* Directions *
Look in the data below for the line that has "this 1333×1334 image.", then print exactly every line from there through the line that has "Some of the words", leaving pictures out.

* Exercise material *
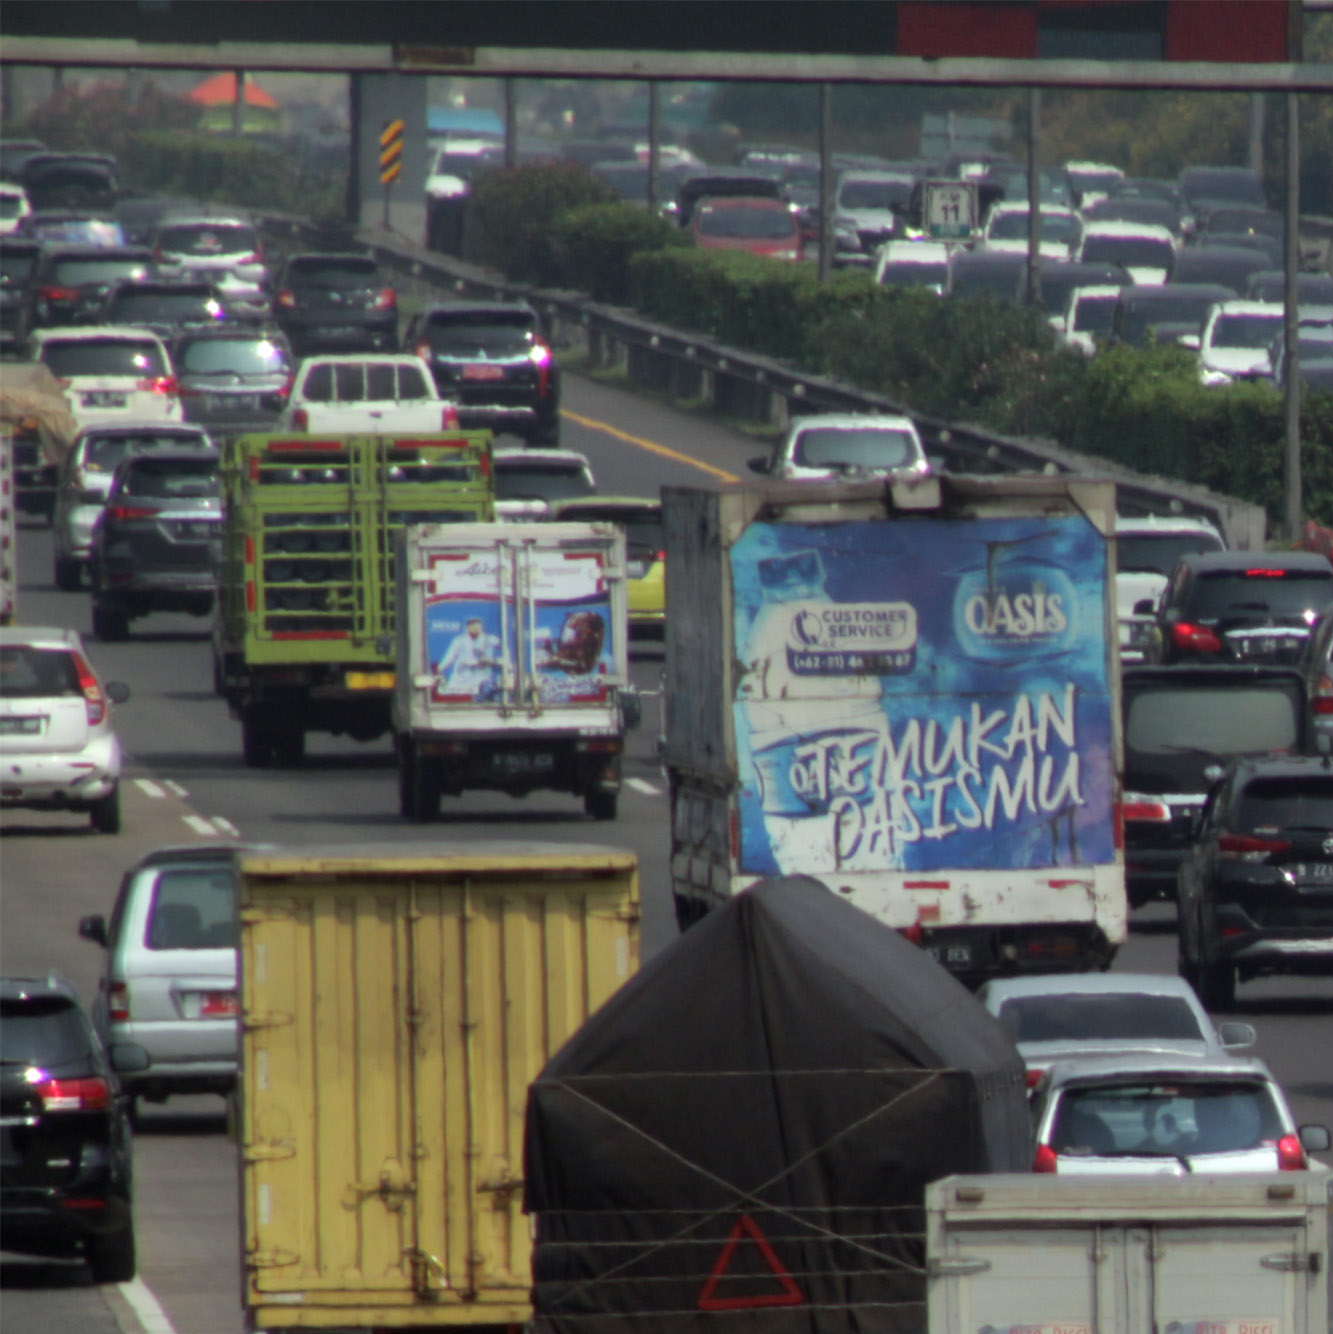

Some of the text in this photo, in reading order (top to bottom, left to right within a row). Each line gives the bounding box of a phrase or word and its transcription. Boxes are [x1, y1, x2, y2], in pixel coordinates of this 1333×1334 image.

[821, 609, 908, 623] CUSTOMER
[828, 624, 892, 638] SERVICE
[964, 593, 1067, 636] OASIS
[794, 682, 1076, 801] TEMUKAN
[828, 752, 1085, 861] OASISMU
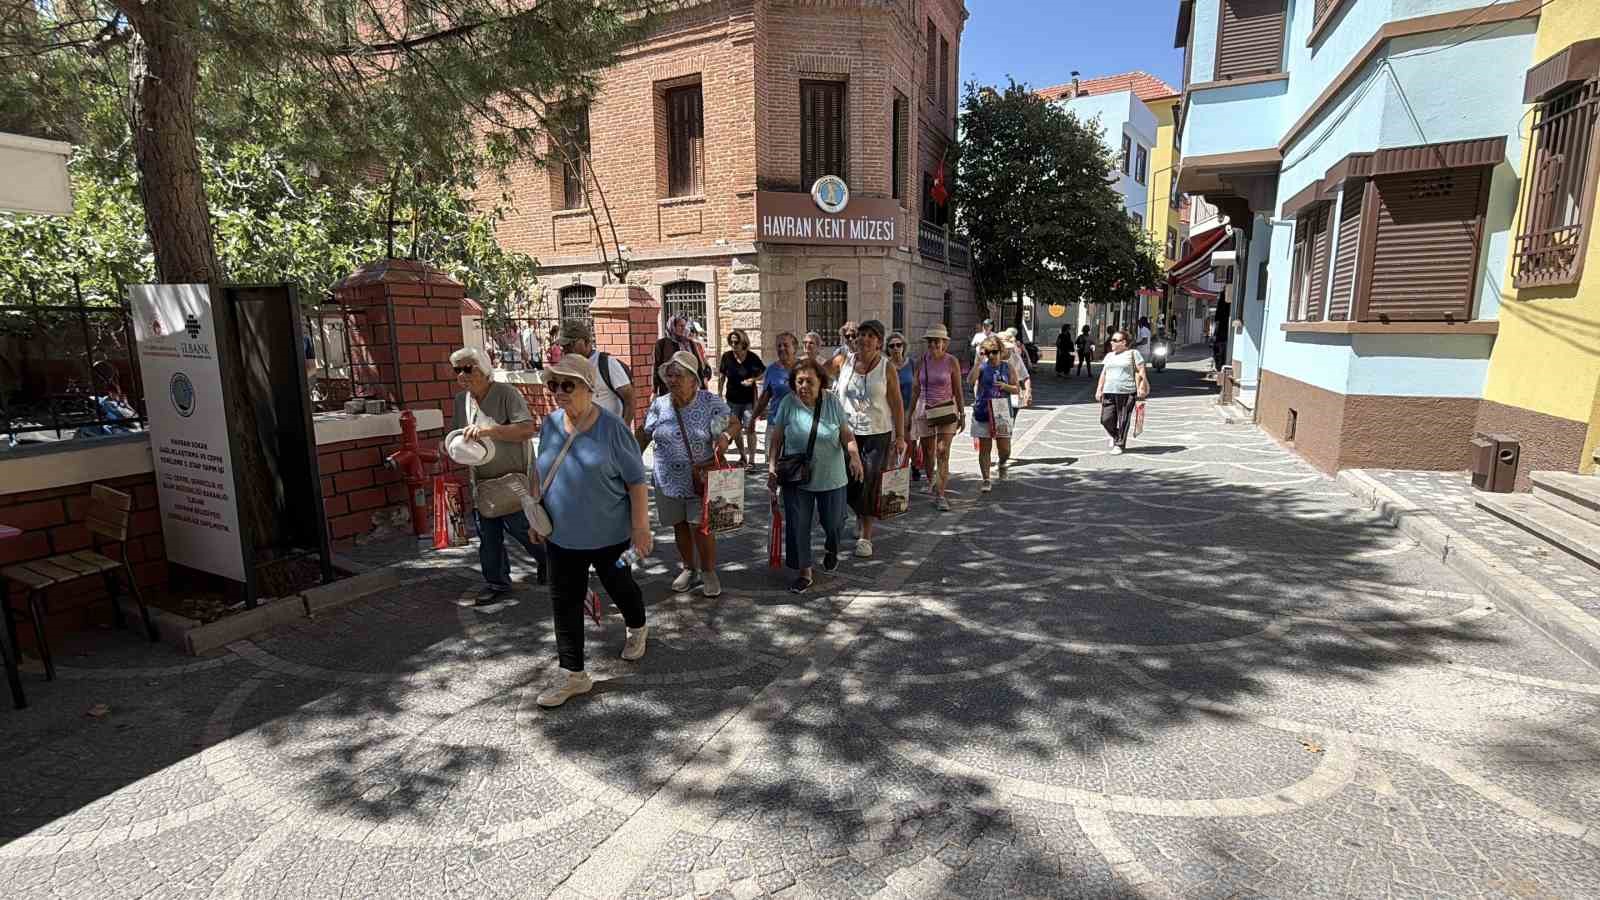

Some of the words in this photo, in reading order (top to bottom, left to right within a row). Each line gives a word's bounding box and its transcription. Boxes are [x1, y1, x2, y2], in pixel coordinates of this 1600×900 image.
...
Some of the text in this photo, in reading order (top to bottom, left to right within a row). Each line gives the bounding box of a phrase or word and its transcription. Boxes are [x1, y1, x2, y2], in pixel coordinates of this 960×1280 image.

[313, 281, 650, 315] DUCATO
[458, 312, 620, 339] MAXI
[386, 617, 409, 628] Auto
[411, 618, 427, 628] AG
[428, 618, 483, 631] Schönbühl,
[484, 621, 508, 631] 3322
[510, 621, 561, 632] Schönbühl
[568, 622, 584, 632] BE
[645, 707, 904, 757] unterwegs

* Result *
Some of the text in this photo, in reading order (top to bottom, left to right within a row). Each line gives the bounding box of a phrase or word and its transcription. Boxes are [x1, y1, x2, y2], in pixel coordinates of this 1333×1334 image.

[821, 609, 908, 623] CUSTOMER
[828, 624, 892, 638] SERVICE
[964, 593, 1067, 636] OASIS
[794, 682, 1076, 801] TEMUKAN
[828, 752, 1085, 861] OASISMU

Some of the words in this photo, in reading order (top to bottom, left to right within a row). Each line gives a word's bounding box and its transcription. Boxes are [x1, y1, x2, y2], in pixel coordinates of this 1600×900 image.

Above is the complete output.